A reader unequipped to follow Schaeffer through his large and technical volume may well let the the last chapter (Resume et Conclusion) impress him by its questions and answers. In concluding his book Schaeffer epitomized: “Our inquiry has demonstrated that these repeated crises which opened and closed the principal periods . . . were caused not by the action of man. Far from it—because, compared with the vastness of these all-embracing crises and their profound effects, the exploits of conquerors and all combinations of state politics would appear only very insignificant. The philosophy of the history of antiquity of the East appears to us singularly deformed”—namely, by describing the past of nations and civilizations as the history of dynasties, rather than as a history of great ages, and by ignoring the role physical causes played in their sequence.

As to the chronology—in his printed work Schaeffer follows with certain reservations, the accepted timetable. In correspondence, however, he envisaged the possibility of shortening the Egyptian history, but not to the extent claimed in Ages in Chaos. Then how can we be in agreement as to the times of the catastrophes?

The answer lies in the fact that both of us relate these catastrophes to the termination of the (identical) great periods in history. In other words, we are in agreement as to the relative chronology, not the absolute one.

At the end of his long discourse, Schaeffer also made clear his stand even before he became aware of my work. He wrote: “The value of absolute dates adopted by us depends, understandably, to an extent on the degree of precision obtained in the field of study of the historic documents that can be used for chronology and that derive from those collected in Egypt, Palestine, Asia Minor, Mesopotamia, and Persia.”

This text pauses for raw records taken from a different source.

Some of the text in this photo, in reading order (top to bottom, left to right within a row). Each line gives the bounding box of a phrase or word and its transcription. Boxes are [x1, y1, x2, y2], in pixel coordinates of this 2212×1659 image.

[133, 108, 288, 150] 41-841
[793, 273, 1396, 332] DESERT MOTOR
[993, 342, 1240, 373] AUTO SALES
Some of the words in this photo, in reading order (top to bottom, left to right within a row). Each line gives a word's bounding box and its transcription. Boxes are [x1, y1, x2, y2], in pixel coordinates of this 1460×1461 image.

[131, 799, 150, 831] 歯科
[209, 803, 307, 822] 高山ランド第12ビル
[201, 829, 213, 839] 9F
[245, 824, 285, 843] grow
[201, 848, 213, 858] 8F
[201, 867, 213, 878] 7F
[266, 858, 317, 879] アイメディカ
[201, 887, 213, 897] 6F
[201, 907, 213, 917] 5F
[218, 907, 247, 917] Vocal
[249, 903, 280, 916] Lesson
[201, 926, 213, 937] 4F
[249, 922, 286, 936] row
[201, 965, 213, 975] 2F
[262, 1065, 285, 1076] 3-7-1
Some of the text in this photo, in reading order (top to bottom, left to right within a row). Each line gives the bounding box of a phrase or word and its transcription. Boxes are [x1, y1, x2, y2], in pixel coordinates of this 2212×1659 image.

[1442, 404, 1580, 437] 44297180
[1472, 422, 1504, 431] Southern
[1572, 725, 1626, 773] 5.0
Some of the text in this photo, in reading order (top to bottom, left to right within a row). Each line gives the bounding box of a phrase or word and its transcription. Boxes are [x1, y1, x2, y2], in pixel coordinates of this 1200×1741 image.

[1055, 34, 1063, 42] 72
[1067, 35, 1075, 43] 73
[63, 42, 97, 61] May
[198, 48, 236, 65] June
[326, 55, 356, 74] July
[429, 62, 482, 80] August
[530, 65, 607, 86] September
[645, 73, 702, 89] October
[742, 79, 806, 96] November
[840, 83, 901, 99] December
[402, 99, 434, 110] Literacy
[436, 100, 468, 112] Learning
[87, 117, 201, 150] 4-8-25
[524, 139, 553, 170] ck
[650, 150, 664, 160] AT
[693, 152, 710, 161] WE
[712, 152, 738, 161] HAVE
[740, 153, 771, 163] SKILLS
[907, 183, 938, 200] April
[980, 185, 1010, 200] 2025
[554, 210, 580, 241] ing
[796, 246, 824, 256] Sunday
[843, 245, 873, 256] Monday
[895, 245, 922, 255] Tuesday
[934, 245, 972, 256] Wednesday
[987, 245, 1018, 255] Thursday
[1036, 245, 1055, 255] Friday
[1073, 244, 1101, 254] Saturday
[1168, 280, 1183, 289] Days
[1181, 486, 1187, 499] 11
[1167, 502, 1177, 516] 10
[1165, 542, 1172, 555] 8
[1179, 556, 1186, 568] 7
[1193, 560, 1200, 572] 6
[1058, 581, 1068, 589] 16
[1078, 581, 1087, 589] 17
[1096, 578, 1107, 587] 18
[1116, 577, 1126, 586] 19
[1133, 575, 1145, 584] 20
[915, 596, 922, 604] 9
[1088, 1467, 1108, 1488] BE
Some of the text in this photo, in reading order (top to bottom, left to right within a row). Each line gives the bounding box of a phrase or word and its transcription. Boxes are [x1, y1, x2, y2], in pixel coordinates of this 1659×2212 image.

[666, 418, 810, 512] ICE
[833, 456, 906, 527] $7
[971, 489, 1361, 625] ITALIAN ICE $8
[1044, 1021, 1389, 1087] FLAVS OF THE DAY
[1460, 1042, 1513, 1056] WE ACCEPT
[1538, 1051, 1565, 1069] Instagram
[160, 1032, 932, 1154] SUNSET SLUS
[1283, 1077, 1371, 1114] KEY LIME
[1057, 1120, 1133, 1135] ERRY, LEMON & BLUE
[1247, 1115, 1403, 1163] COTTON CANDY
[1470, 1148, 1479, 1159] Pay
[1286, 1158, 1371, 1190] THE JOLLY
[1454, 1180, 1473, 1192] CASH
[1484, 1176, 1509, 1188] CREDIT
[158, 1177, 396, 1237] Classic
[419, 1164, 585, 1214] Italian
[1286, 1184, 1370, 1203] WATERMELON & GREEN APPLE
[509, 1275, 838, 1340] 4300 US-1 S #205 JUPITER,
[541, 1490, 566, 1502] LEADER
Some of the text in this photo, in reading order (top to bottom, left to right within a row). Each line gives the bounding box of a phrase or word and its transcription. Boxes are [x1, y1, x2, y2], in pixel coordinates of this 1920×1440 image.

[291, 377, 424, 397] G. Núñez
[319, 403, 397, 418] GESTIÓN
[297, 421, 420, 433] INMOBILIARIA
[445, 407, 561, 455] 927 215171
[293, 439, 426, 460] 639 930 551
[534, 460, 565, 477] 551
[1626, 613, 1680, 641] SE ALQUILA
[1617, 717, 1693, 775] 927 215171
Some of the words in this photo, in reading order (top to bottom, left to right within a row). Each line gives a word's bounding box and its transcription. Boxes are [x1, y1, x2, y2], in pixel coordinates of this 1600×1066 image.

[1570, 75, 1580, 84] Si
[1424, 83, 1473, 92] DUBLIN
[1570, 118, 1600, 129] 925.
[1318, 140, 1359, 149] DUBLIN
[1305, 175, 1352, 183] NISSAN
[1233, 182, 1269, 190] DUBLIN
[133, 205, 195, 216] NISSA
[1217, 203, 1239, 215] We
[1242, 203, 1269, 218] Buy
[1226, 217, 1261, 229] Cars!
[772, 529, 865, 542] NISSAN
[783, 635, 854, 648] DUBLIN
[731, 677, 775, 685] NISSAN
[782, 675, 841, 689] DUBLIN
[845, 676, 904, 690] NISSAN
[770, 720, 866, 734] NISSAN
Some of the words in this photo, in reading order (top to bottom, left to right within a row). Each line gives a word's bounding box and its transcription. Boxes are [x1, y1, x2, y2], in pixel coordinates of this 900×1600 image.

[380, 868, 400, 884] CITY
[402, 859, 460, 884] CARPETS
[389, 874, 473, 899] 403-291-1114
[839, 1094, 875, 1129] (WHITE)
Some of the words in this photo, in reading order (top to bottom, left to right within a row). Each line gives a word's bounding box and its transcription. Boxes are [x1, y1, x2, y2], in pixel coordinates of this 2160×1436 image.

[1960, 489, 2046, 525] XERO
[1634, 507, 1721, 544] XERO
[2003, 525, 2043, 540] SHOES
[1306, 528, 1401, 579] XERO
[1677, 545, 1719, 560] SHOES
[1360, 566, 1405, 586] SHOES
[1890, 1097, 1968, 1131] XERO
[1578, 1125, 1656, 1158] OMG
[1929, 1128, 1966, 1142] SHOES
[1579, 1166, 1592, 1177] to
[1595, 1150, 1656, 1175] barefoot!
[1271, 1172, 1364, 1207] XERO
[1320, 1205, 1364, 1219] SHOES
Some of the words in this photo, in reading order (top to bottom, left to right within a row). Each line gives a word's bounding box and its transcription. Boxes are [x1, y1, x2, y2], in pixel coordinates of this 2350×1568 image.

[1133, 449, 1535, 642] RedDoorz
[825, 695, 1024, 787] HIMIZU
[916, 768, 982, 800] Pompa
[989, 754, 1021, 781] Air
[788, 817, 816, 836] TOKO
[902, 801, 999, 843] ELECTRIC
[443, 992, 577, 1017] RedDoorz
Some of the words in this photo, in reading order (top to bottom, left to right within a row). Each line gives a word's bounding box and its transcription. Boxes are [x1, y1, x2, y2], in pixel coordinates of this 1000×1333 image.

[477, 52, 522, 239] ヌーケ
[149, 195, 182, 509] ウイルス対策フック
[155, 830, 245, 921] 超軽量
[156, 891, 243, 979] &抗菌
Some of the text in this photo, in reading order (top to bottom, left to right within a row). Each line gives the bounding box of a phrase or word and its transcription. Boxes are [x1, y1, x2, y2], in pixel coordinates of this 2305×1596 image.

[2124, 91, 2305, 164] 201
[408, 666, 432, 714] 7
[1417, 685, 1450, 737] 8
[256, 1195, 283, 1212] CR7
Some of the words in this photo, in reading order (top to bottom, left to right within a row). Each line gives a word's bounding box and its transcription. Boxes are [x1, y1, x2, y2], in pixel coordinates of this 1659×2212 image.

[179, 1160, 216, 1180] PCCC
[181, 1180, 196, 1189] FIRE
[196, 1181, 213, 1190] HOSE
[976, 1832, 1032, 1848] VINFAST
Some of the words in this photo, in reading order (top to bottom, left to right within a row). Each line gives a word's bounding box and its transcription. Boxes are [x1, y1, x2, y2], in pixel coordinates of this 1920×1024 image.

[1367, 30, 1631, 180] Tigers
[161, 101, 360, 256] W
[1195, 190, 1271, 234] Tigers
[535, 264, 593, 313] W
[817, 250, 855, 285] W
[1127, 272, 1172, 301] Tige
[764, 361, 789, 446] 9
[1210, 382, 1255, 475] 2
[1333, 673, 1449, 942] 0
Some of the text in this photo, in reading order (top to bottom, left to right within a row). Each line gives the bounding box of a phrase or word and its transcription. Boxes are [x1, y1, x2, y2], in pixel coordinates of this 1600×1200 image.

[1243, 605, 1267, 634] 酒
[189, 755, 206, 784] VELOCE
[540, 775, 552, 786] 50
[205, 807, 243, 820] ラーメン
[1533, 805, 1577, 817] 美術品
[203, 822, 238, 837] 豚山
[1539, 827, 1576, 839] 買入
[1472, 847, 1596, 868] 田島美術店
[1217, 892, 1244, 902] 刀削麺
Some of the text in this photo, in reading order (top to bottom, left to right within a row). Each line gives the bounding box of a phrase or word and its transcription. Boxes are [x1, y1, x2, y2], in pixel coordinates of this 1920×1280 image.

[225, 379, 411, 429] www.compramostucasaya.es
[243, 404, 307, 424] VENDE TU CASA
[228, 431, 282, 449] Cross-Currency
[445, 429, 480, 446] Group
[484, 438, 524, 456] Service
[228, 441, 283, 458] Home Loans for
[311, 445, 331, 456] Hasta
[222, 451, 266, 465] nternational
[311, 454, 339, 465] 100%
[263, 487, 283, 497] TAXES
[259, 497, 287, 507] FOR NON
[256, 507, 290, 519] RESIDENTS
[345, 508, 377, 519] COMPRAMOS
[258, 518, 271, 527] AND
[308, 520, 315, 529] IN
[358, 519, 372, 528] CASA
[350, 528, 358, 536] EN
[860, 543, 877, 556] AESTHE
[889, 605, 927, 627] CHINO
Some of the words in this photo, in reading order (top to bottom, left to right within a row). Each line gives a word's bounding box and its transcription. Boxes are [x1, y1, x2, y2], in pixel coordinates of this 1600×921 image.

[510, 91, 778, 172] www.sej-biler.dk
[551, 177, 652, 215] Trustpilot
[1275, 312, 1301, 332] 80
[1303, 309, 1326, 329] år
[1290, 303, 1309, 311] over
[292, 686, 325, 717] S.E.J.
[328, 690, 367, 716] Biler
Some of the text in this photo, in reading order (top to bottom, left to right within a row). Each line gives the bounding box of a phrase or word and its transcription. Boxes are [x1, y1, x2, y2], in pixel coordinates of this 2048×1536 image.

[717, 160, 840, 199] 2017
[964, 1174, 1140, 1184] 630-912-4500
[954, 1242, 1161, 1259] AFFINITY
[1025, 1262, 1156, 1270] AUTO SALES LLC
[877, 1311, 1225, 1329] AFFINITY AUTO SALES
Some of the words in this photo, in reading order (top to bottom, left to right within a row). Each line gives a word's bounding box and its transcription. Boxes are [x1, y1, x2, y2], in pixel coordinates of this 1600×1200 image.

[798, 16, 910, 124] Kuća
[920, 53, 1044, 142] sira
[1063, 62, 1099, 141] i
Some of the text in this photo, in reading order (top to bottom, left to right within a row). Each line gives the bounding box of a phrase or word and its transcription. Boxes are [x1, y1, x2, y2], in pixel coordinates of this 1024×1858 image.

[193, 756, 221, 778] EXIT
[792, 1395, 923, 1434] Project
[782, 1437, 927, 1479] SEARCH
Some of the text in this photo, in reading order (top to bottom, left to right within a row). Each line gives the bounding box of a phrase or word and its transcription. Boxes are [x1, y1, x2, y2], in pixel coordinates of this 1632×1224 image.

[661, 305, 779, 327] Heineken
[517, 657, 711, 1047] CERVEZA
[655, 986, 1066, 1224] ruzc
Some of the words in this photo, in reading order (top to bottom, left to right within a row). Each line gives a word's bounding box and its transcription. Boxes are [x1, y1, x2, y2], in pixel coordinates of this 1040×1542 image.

Thus the absolute dates used in his work are dependent on chronology that in its turn depends on historical documents. But he adds: “On the other hand, thanks to the improvement of archaeological methods, today we no longer depend so completely on epigraphic documentation for an absolute chronology.”

I regard myself very fortunate that the task of presenting the archaeological evidence from the lands of the Middle and Near East was performed by a scholar of great stature, Claude F. A. Schaeffer. The almost superhuman enterprise of unravelling the manifold ramifications of the recent tribulations of this planet was not committed all to one scholar.